From the line containing "this 2212×1659 image." to the last line of the records, please reproduce every line exactly and nothing more.
=== Section Start ===
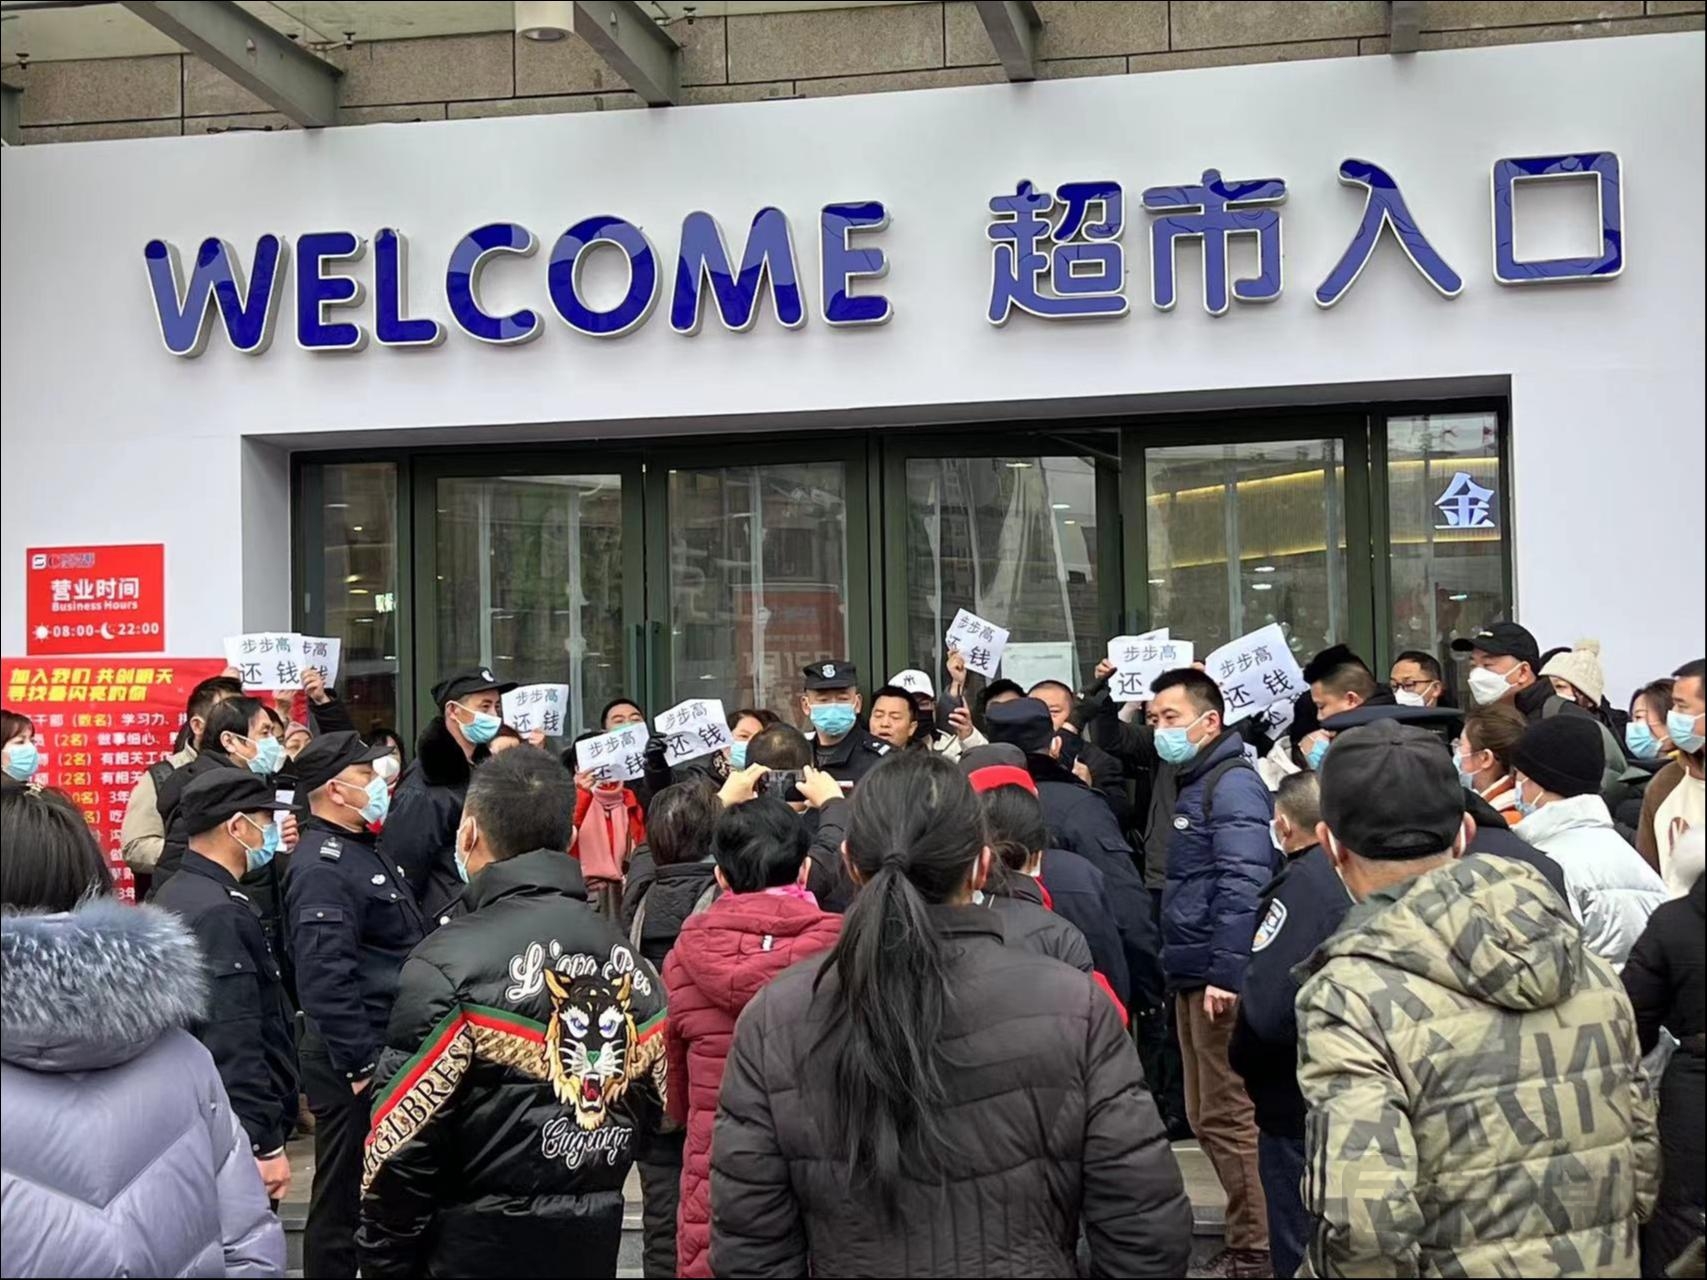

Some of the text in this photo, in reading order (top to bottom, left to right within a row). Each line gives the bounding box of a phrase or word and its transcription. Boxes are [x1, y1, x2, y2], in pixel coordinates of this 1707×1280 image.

[987, 152, 1625, 327] 超市入口
[144, 201, 894, 357] WELCOME
[1434, 472, 1495, 530] 金
[50, 577, 140, 602] 营业时间
[51, 599, 138, 612] Business Hours
[117, 622, 160, 636] 22:00
[957, 615, 995, 643] 步步高
[242, 637, 291, 654] 步步高
[1123, 644, 1177, 662] 步步高
[239, 660, 300, 685] 还钱
[1220, 643, 1272, 679] 步步高
[10, 667, 174, 685] 加入我们 共创明天
[1222, 664, 1295, 712] 还钱
[8, 685, 148, 702] 寻找最闪亮的你
[515, 688, 558, 706] 步步高
[513, 709, 559, 733] 还钱
[665, 701, 708, 731] 步步高
[589, 730, 637, 758] 步步高
[667, 723, 726, 758] 还钱
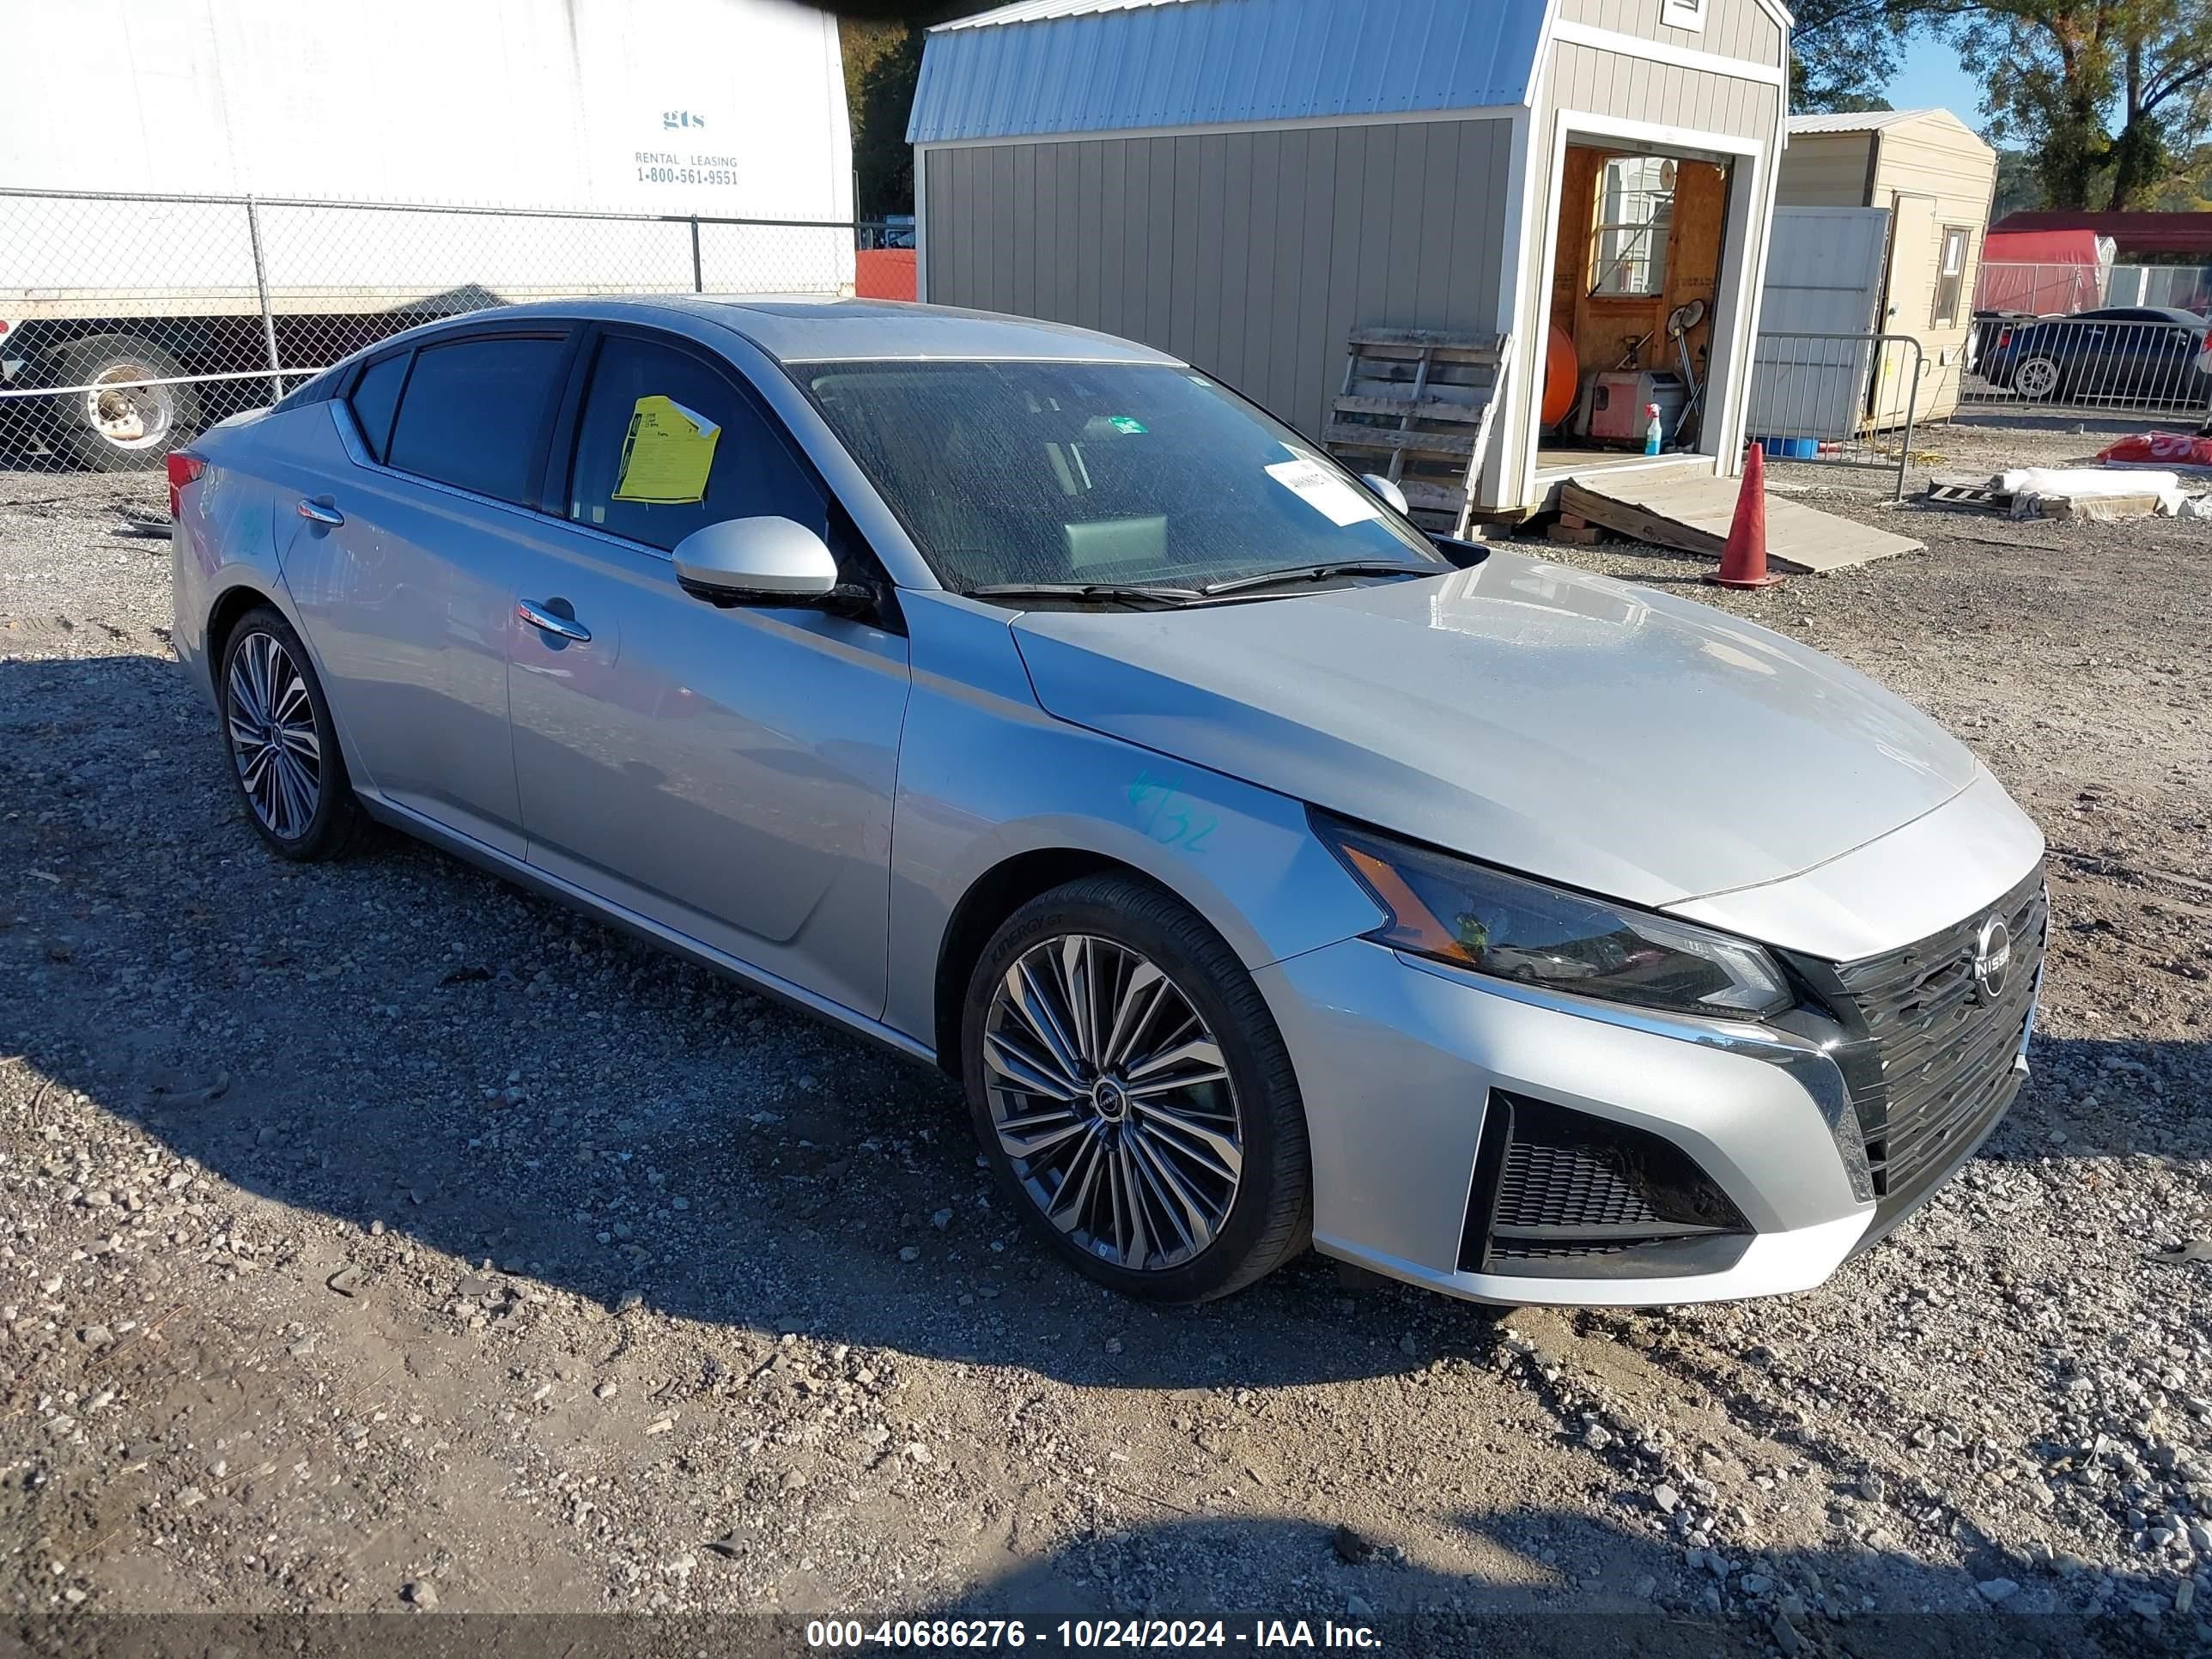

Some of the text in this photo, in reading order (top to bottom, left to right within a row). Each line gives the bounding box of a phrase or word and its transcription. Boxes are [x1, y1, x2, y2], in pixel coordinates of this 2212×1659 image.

[663, 110, 705, 131] gts
[635, 152, 738, 167] RENTAL LEASING
=== Section End ===
TASK RESPONSE =
Some of the text in this photo, in reading order (top to bottom, left to right within a row). Each line gives the bounding box of a phrase or word and its transcription. Boxes are [x1, y1, x2, y2], in pixel coordinates of this 2212×1659 image.

[663, 110, 705, 131] gts
[635, 152, 738, 167] RENTAL LEASING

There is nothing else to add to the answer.